Older blog entries for mhausenblas (starting at number 63)

MapReduce for and with the kids

Last week was Halloween and of course we went trick-or-treating with our three kids which resulted in piles of sweets in the living room. Powered by the sugar, the kids would stay up late to count their harvest and while I was observing them at it, I was wondering if it possible to explain the MapReduce paradigm to them, or even better: doing MapReduce with them.

Now, it turns out that Halloween and counting kinds of sweets are a perfect setup. Have a look at the following:

MapReduce for counting kinds of sweet after Halloween harvest.

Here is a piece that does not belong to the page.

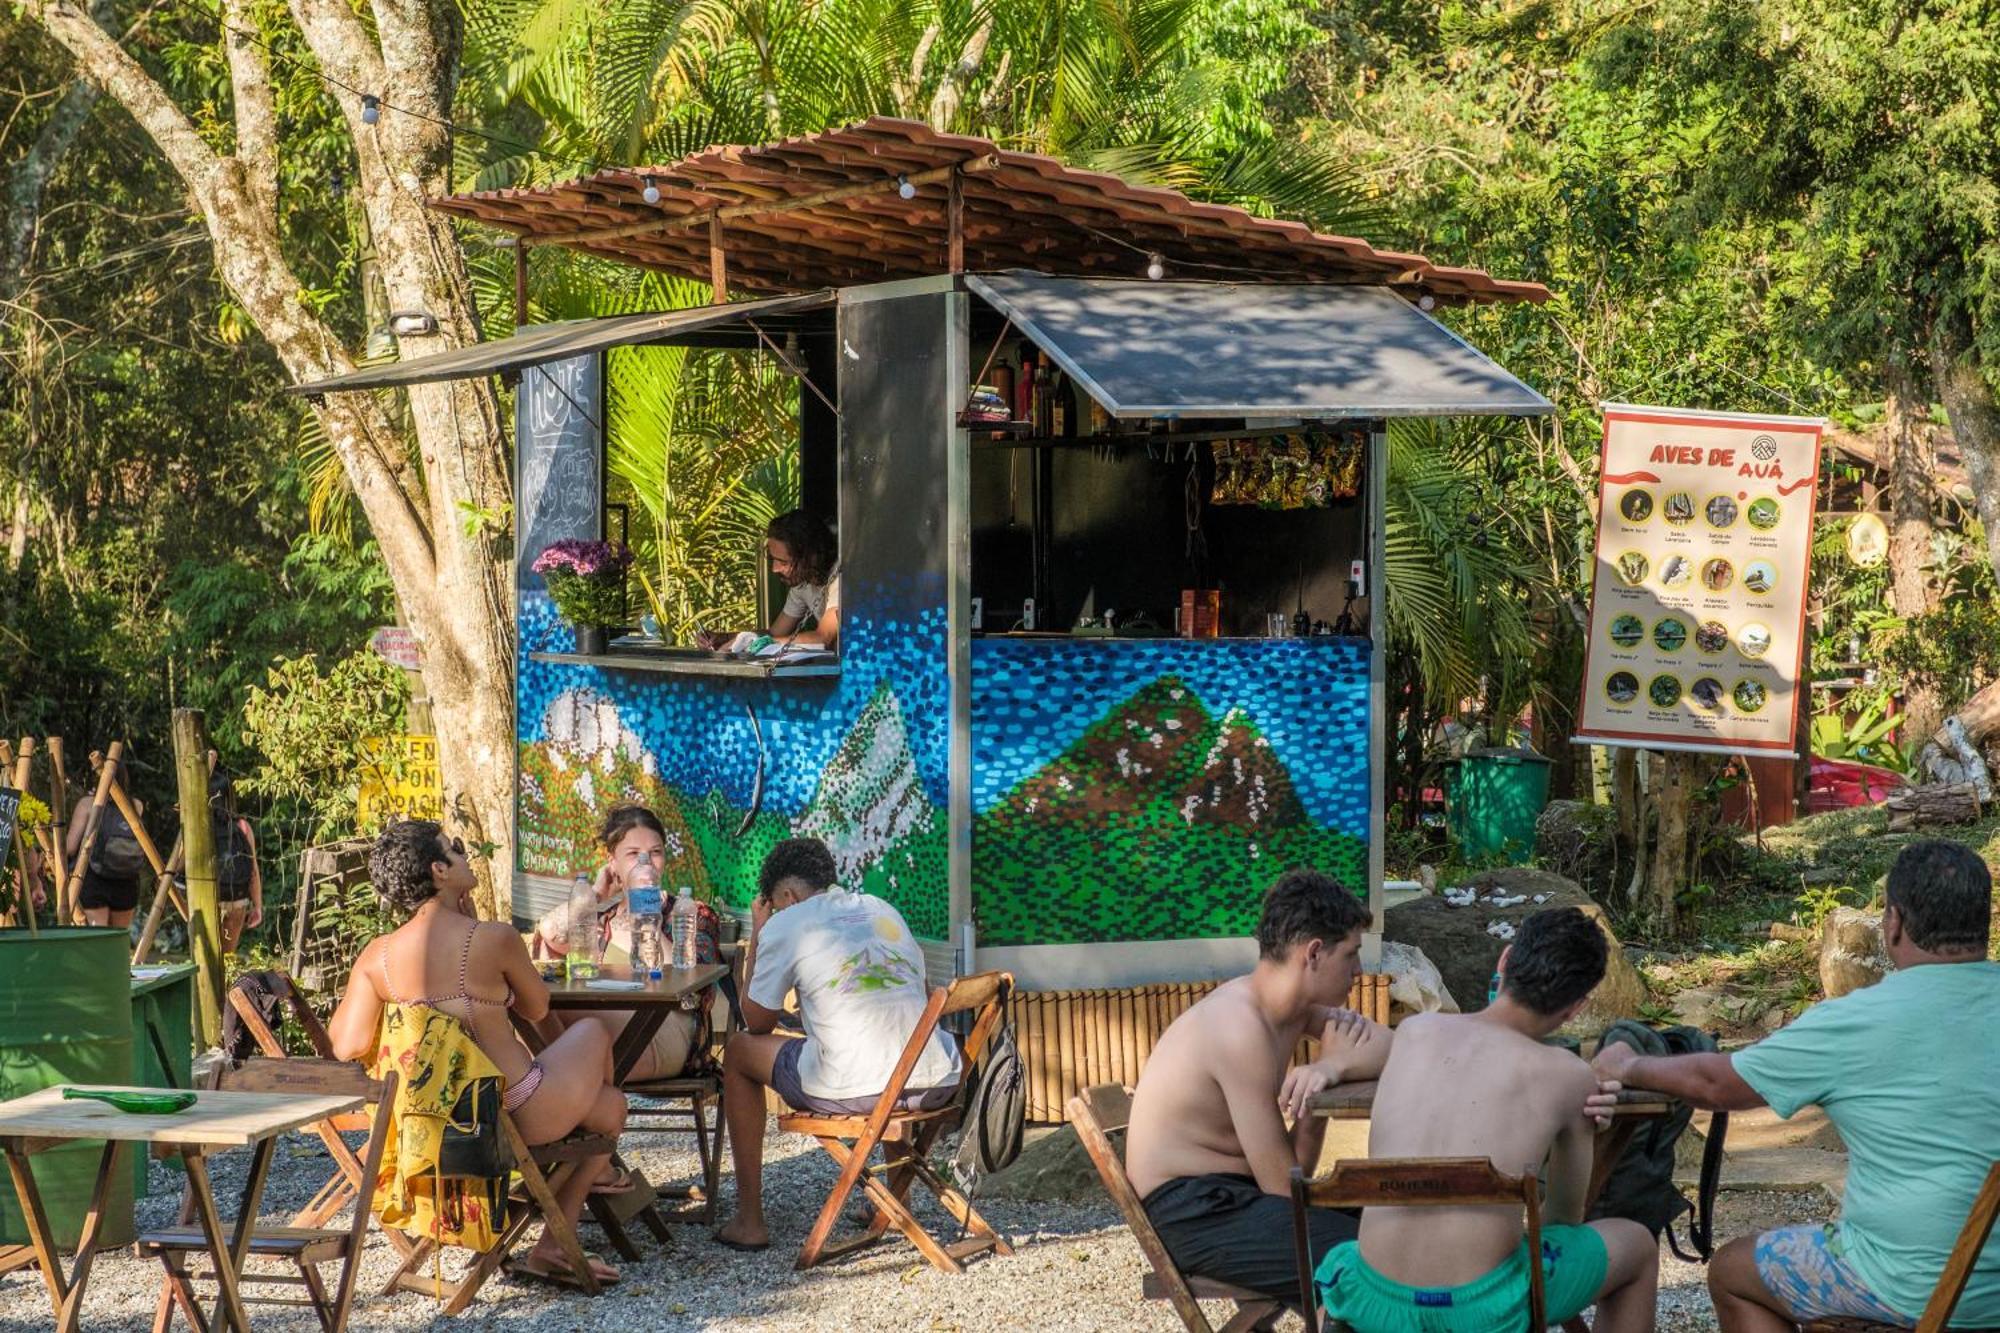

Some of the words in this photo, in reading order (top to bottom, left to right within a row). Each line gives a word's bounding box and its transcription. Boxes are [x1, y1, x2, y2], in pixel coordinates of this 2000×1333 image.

[1650, 444, 1703, 465] AVES
[1708, 448, 1735, 467] DE
[1738, 459, 1783, 479] AUÁ

So, the goal was to figure how many sweets of a certain kind (like, Twix) we now have available overall, for consumption.

We started off with every child having her or his pile of sweets in front of them. Now, in the first step I’d ask the kids to shout how many of the sweet X they have in their own pile. So one kid would go like I’ve got 4 fizzers, etc. … and then we’d gather all the same sweets and their respective counts together. Second, we’d add up the individual counts for each kind of sweet which would give us the desired result: number of X in total.

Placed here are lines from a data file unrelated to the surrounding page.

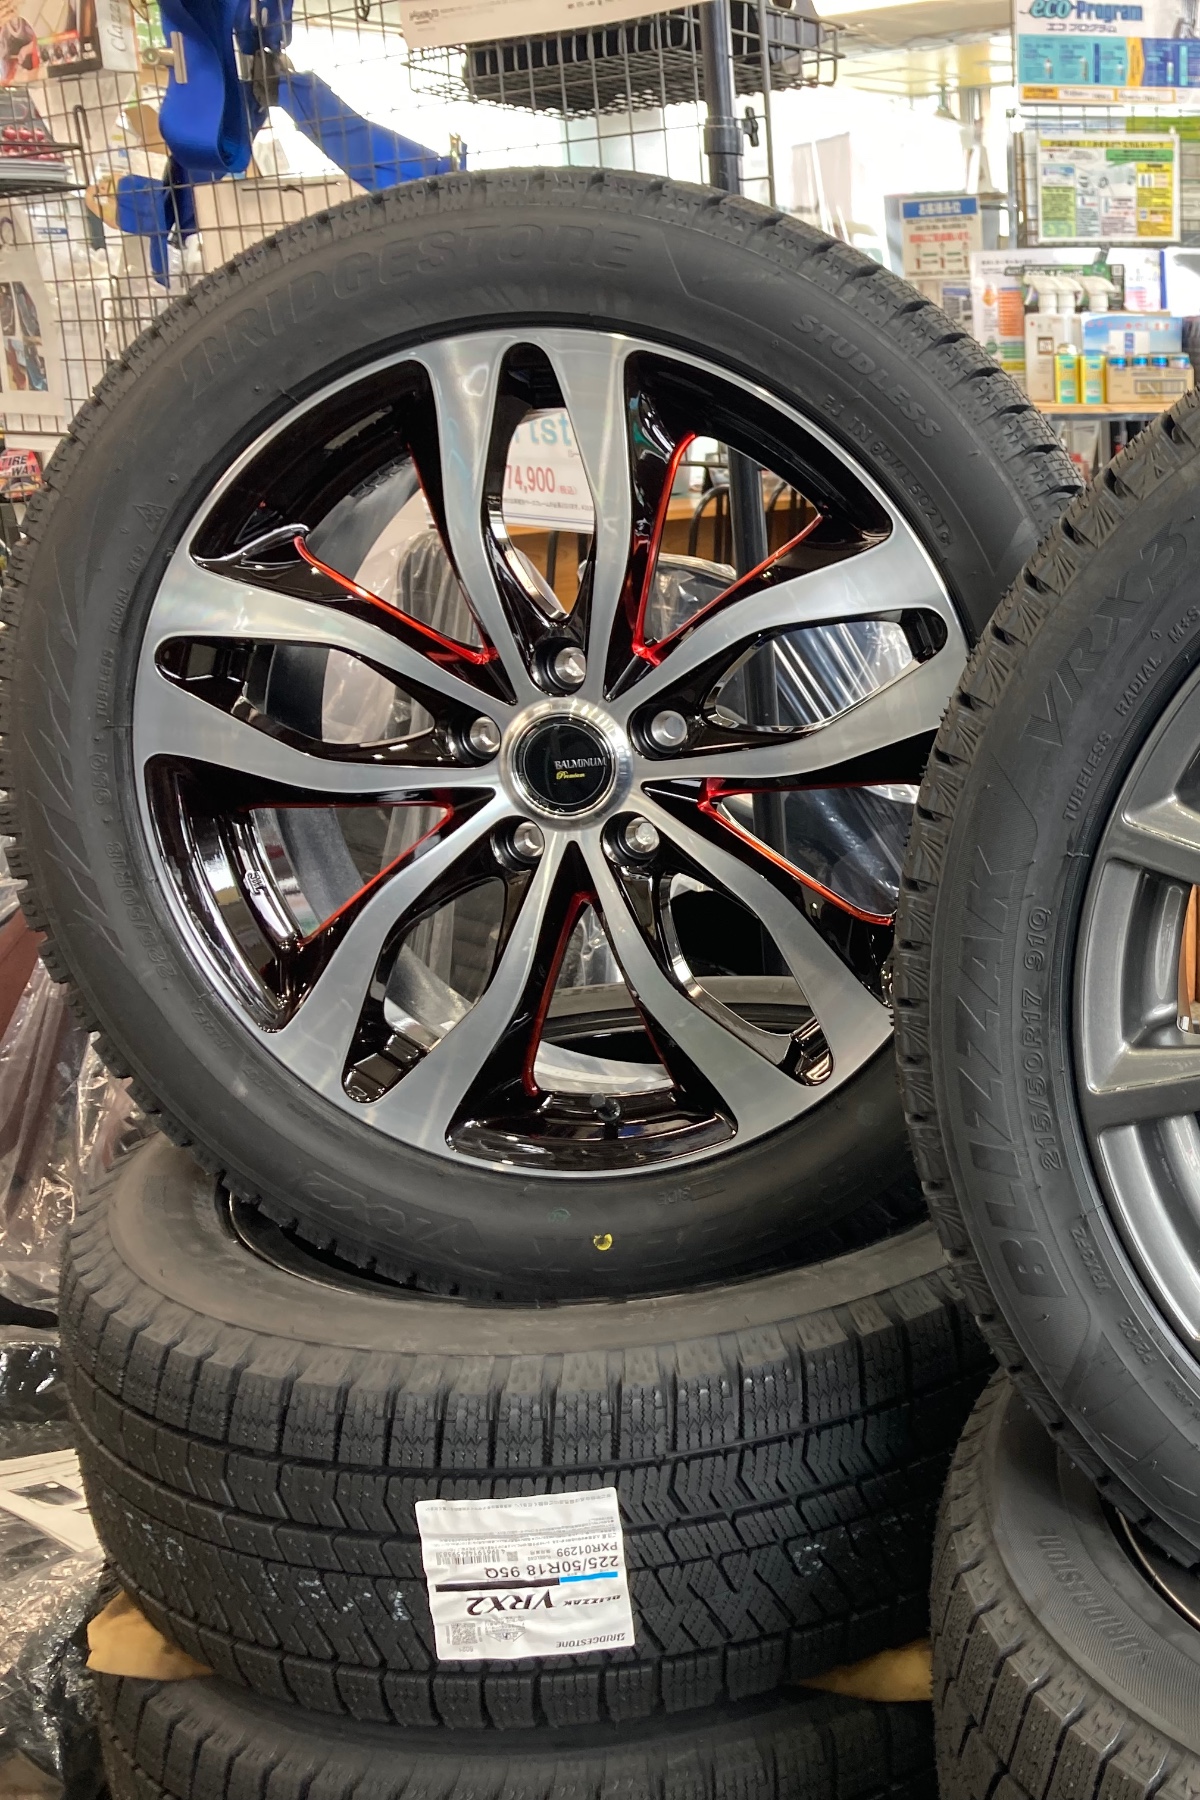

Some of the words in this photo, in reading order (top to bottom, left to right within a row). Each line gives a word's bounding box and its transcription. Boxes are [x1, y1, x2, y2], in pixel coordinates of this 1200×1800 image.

[180, 223, 643, 400] BRIDGESTONE
[791, 313, 942, 439] STUDLESS
[1018, 520, 1188, 747] VRX3
[554, 757, 607, 770] BALMINUM
[1063, 729, 1113, 822] TUBELESS
[1114, 655, 1162, 717] RADIAL
[1024, 905, 1053, 971] 91Q
[955, 844, 1068, 1298] BLIZZAK
[1022, 988, 1065, 1172] 215/50R17
[484, 1566, 521, 1579] 95Q
[526, 1555, 619, 1578] 225/50R18
[556, 1541, 618, 1558] PXR01299
[466, 1592, 555, 1616] VRX2
[556, 1632, 626, 1649] BRIDGESTONE

Lesson learned: MapReduce is a child’s play. Making kids sharing sweets is certainly not – believe me, I speak out of experience ;)


Filed under: Big Data, Cloud Computing, Experiment, NoSQL

Syndicated 2012-11-05 11:22:21 from Web of Data

Denormalizing graph-shaped data

As nicely pointed out by Ilya Katsov:

Denormalization can be defined as the copying of the same data into multiple documents or tables in order to simplify/optimize query processing or to fit the user’s data into a particular data model.

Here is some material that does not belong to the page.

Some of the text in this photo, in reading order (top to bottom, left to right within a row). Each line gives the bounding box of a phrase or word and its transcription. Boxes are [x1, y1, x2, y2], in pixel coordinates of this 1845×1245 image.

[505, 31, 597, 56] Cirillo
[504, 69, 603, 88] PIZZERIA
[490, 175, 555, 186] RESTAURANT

So, I was wondering, why is – in Ilya’s write-up – denormalization not considered to be applicable for GraphDBs?

I suppose the main reason is that the relationships (or links as we use to call them in the Linked Data world) are typically not resolved or dereferenced, which means traversing the graph is fast, but for a number of operations such as range queries, denormalized data would be better.

Now, the question is: can we achieve this in GraphDBs, incl. RDF stores? I would hope so. Here are some design ideas:

  • Up-front: when inserting new data items (nodes), immediately dereference the links (embedded links).
  • Query-time: apply database cracking.

Here is the question for you, dear reader: are you aware of people doing this? My google skills have failed me so far – happy to learn about it in greater detail!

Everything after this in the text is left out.